Every line of the records must be repeated exactly; pictures stay out.

● **INPUT MATERIAL**
----------------

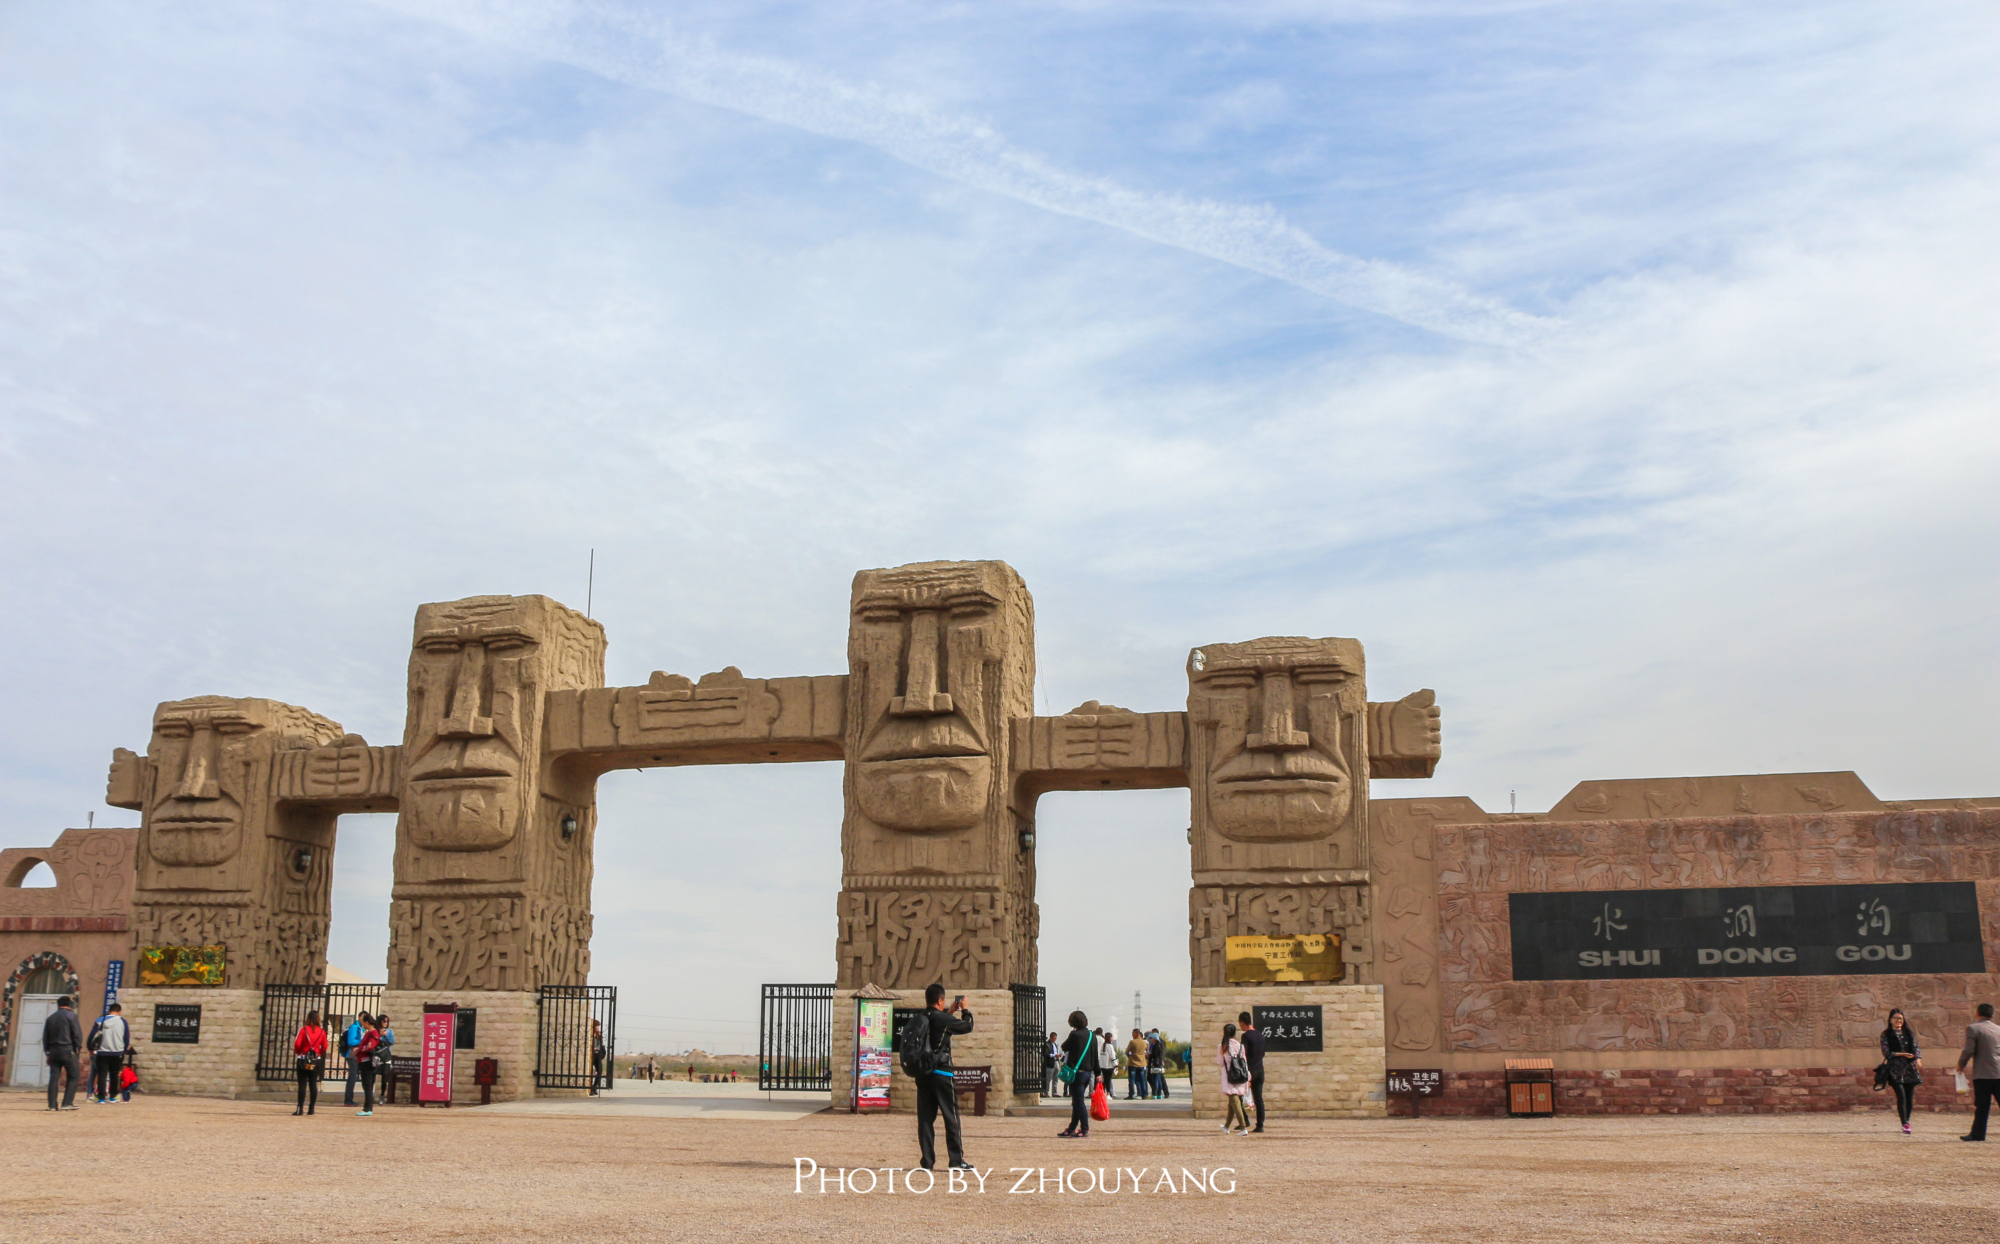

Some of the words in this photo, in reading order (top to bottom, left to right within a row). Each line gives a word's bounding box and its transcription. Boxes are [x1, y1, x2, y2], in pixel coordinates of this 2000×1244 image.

[1593, 898, 1891, 941] 水洞沟
[1578, 950, 1661, 967] SHUI
[1697, 946, 1797, 965] DONG
[1836, 944, 1912, 962] GOU
[156, 1017, 198, 1028] 水洞沟遗址
[1261, 1011, 1314, 1019] 中西文化交流的
[1261, 1024, 1317, 1039] 历史见证
[426, 1032, 438, 1085] 十佳旅游景区
[1412, 1072, 1439, 1081] 卫生间
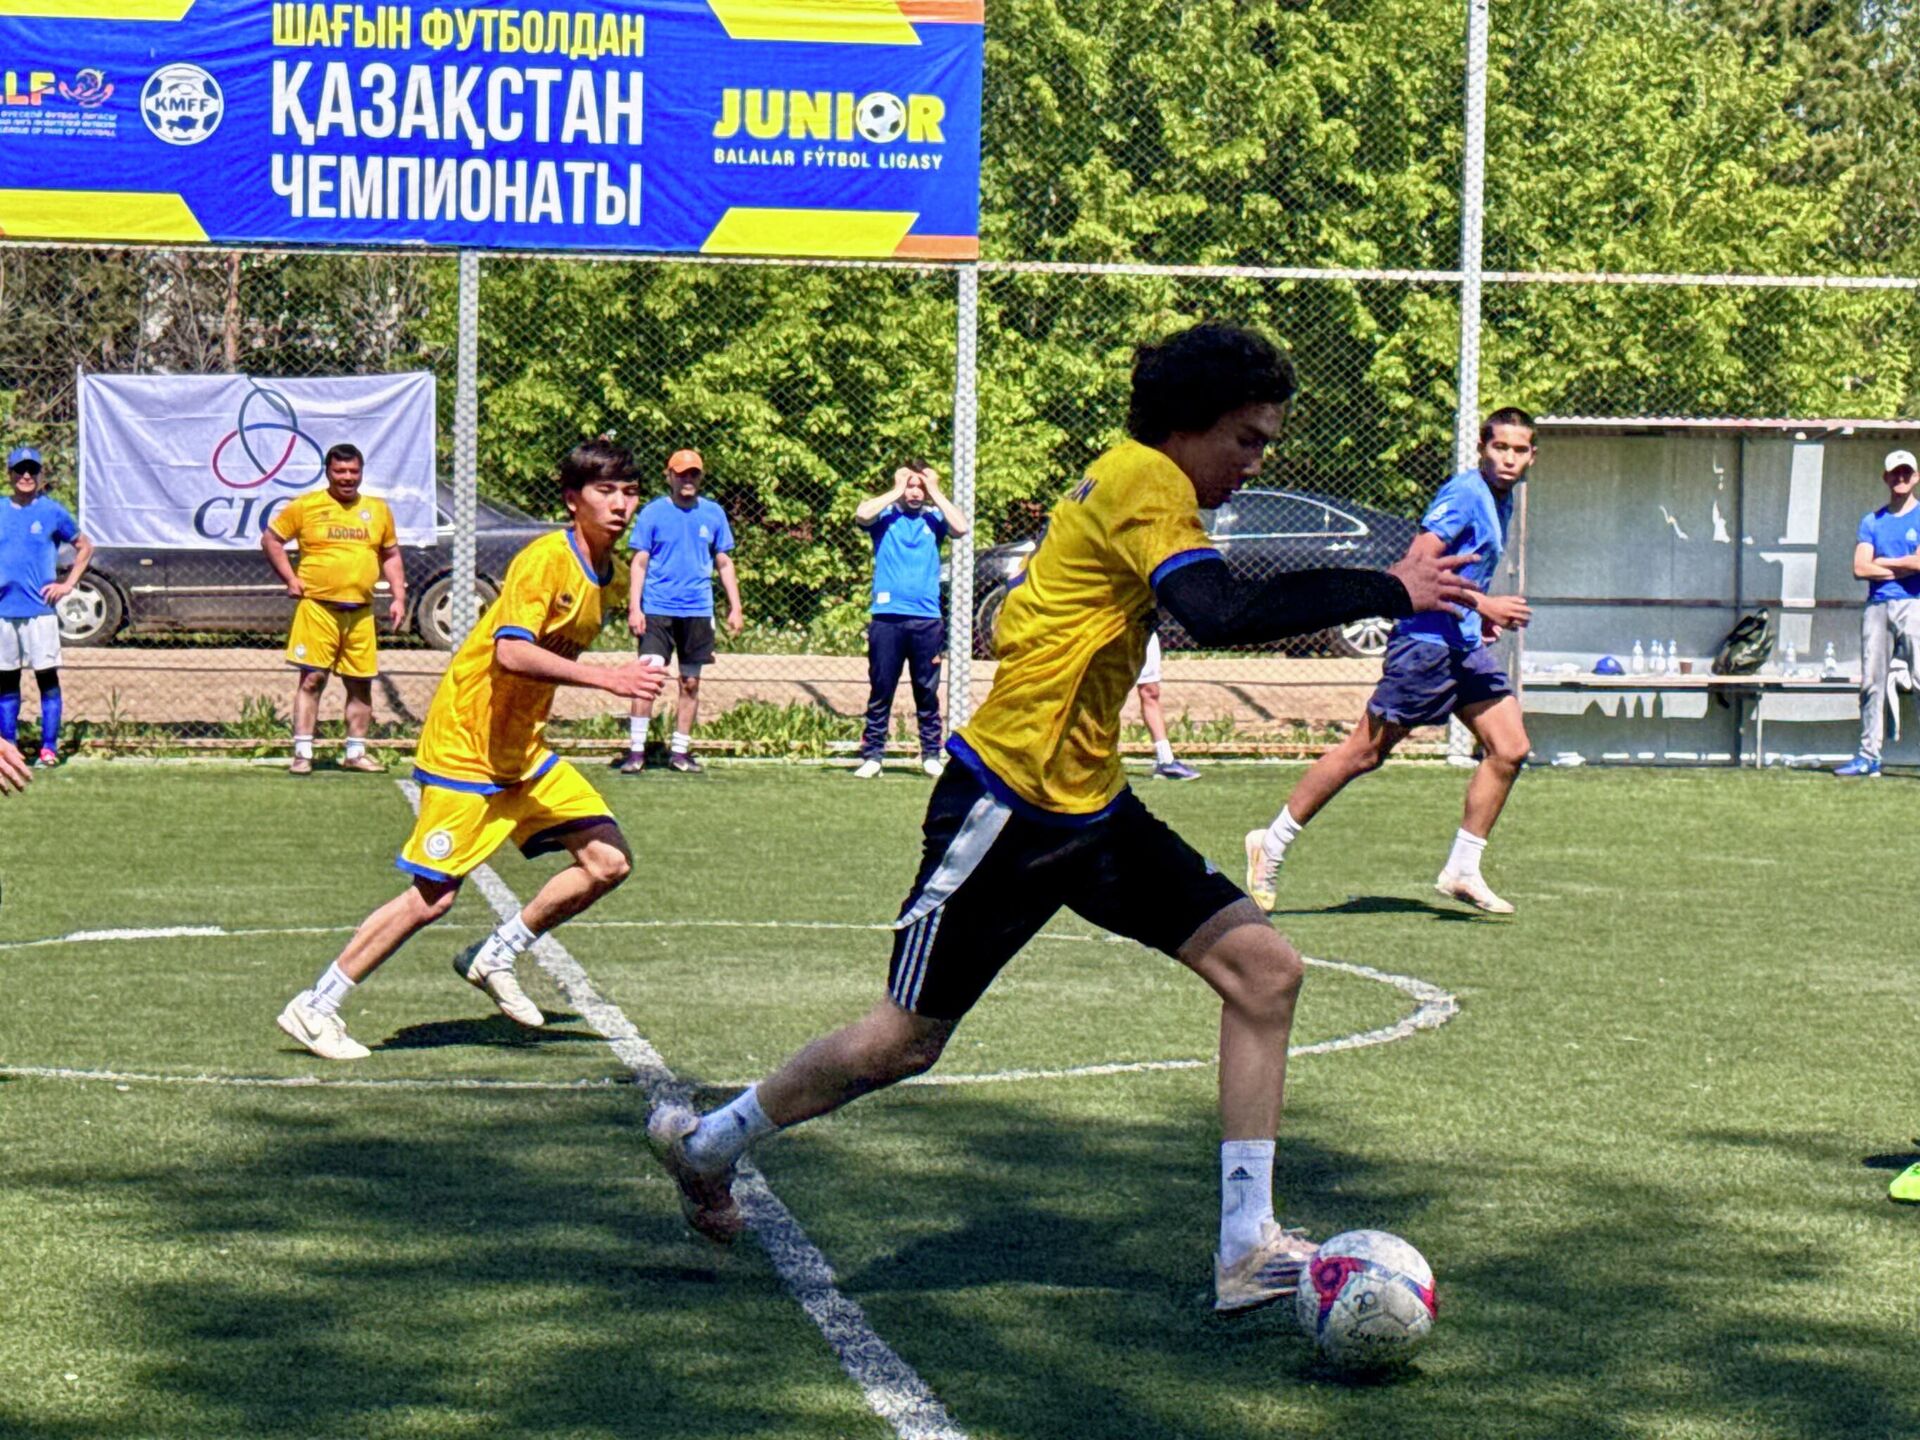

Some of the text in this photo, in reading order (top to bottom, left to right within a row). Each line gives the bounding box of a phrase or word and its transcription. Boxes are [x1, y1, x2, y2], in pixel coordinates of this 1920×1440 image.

[272, 2, 645, 61] ШАҒЫН ФУТБОЛДАН
[0, 71, 56, 106] LF
[155, 96, 210, 112] KMFF
[271, 60, 644, 150] ҚАЗАҚСТАН
[712, 88, 946, 143] JUNIOR
[713, 147, 796, 167] BALALAR
[879, 152, 943, 170] LIGASY
[271, 153, 642, 226] ЧЕМПИОНАТЫ
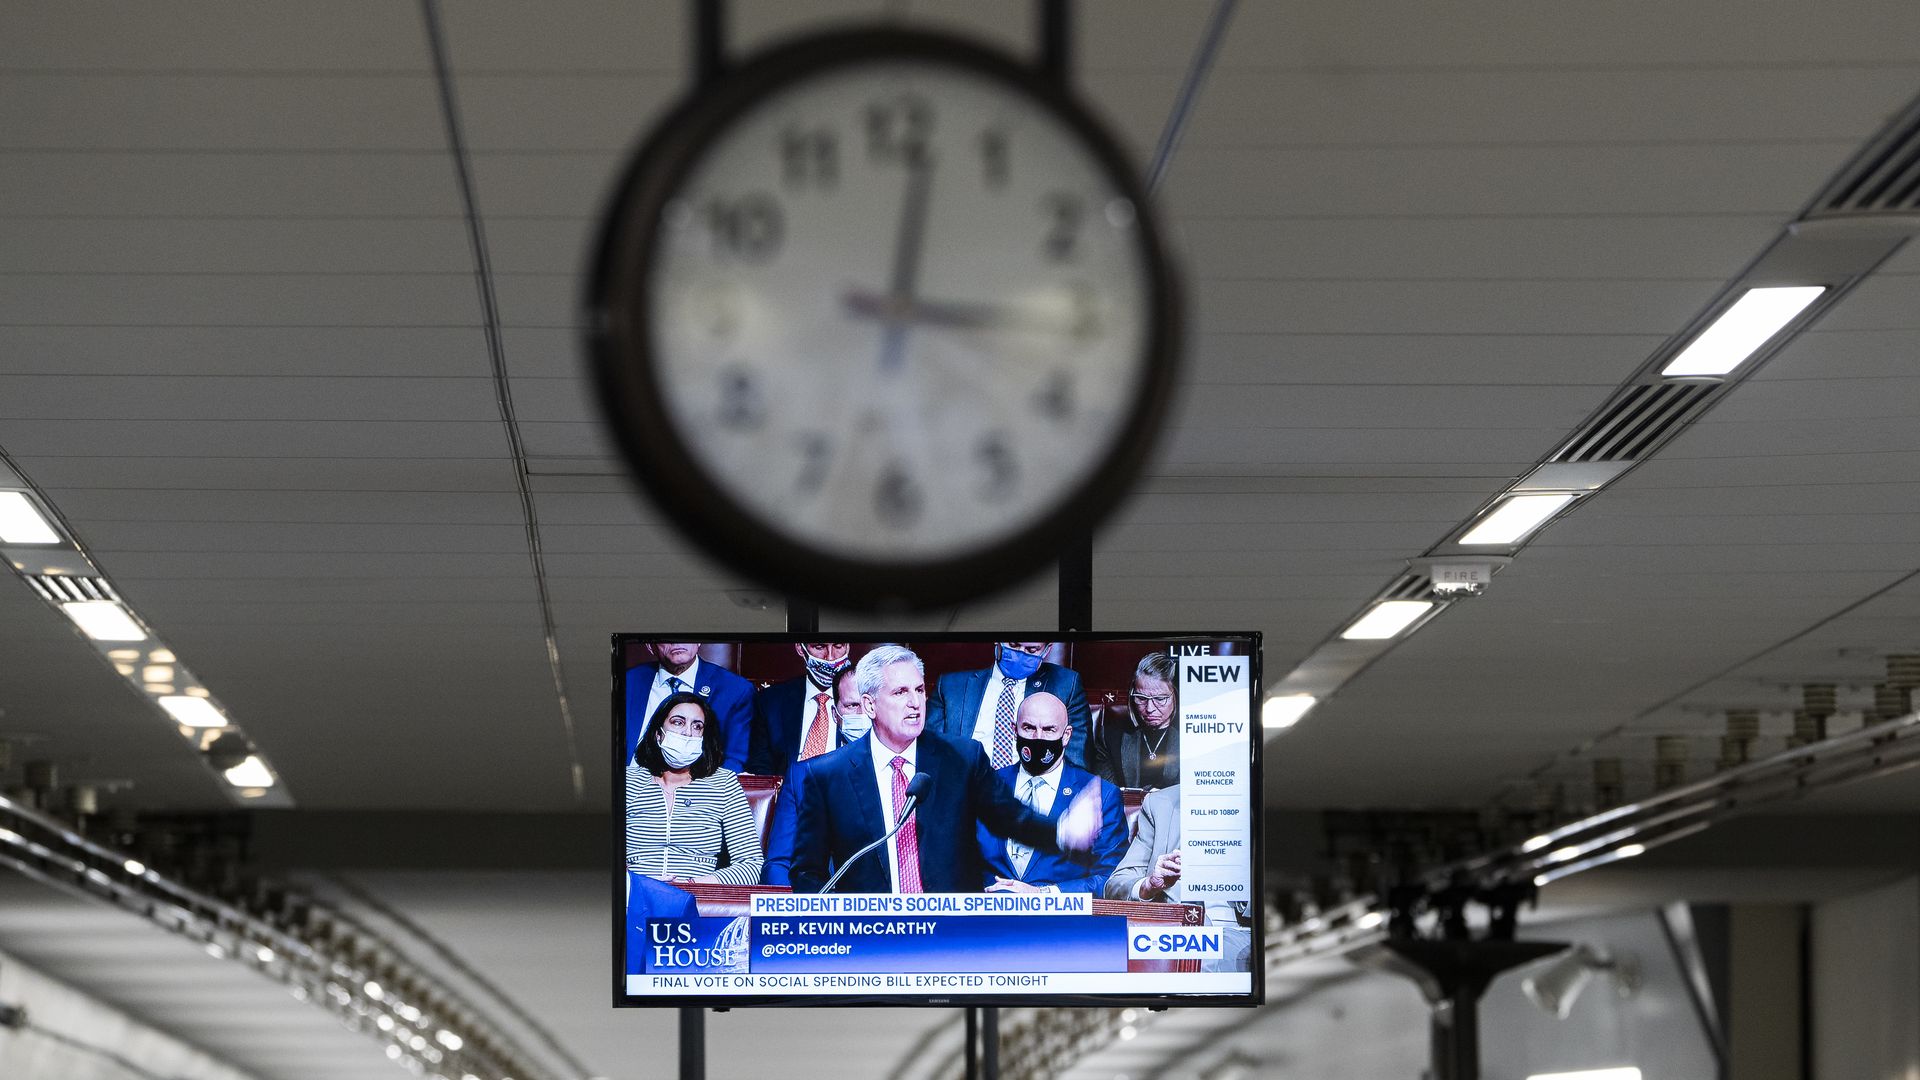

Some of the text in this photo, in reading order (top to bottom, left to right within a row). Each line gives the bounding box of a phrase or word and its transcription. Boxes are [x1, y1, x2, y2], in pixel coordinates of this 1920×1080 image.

[866, 97, 936, 172] 12
[779, 123, 842, 192] 11
[978, 125, 1012, 190] 1
[706, 193, 786, 265] 10
[1040, 190, 1085, 265] 2
[716, 360, 767, 434] 8
[1029, 365, 1078, 427] 4
[792, 427, 836, 497] 7
[973, 427, 1023, 500] 5
[872, 458, 926, 531] 6
[1444, 571, 1478, 580] FIRE
[1170, 645, 1211, 657] LIVE
[1187, 665, 1241, 683] NEW
[1213, 770, 1236, 778] COLOR
[1188, 884, 1244, 892] UN43J5000
[756, 896, 1084, 912] PRESIDENT BIDEN'S SOCIAL SPENDING PLAN
[650, 923, 697, 944] U.S.
[761, 921, 937, 935] REP. KEVIN McCARTHY
[653, 945, 737, 967] HOUSE
[761, 943, 852, 958] @GOPLeader
[652, 975, 1049, 988] FINAL VOTE ON SOCIAL SPENDING BILL EXPECTED TONIGHT

----------------

● **RESPONSE AREA**
Some of the words in this photo, in reading order (top to bottom, left to right within a row). Each line gives a word's bounding box and its transcription. Boxes are [x1, y1, x2, y2], in pixel coordinates of this 2000×1244 image.

[1593, 898, 1891, 941] 水洞沟
[1578, 950, 1661, 967] SHUI
[1697, 946, 1797, 965] DONG
[1836, 944, 1912, 962] GOU
[156, 1017, 198, 1028] 水洞沟遗址
[1261, 1011, 1314, 1019] 中西文化交流的
[1261, 1024, 1317, 1039] 历史见证
[426, 1032, 438, 1085] 十佳旅游景区
[1412, 1072, 1439, 1081] 卫生间

Some of the text in this photo, in reading order (top to bottom, left to right within a row). Each line gives the bounding box of a phrase or word and its transcription. Boxes are [x1, y1, x2, y2], in pixel coordinates of this 1920×1440 image.

[272, 2, 645, 61] ШАҒЫН ФУТБОЛДАН
[0, 71, 56, 106] LF
[155, 96, 210, 112] KMFF
[271, 60, 644, 150] ҚАЗАҚСТАН
[712, 88, 946, 143] JUNIOR
[713, 147, 796, 167] BALALAR
[879, 152, 943, 170] LIGASY
[271, 153, 642, 226] ЧЕМПИОНАТЫ

Some of the text in this photo, in reading order (top to bottom, left to right within a row). Each line gives the bounding box of a phrase or word and its transcription. Boxes are [x1, y1, x2, y2], in pixel coordinates of this 1920×1080 image.

[866, 97, 936, 172] 12
[779, 123, 842, 192] 11
[978, 125, 1012, 190] 1
[706, 193, 786, 265] 10
[1040, 190, 1085, 265] 2
[716, 360, 767, 434] 8
[1029, 365, 1078, 427] 4
[792, 427, 836, 497] 7
[973, 427, 1023, 500] 5
[872, 458, 926, 531] 6
[1444, 571, 1478, 580] FIRE
[1170, 645, 1211, 657] LIVE
[1187, 665, 1241, 683] NEW
[1213, 770, 1236, 778] COLOR
[1188, 884, 1244, 892] UN43J5000
[756, 896, 1084, 912] PRESIDENT BIDEN'S SOCIAL SPENDING PLAN
[650, 923, 697, 944] U.S.
[761, 921, 937, 935] REP. KEVIN McCARTHY
[653, 945, 737, 967] HOUSE
[761, 943, 852, 958] @GOPLeader
[652, 975, 1049, 988] FINAL VOTE ON SOCIAL SPENDING BILL EXPECTED TONIGHT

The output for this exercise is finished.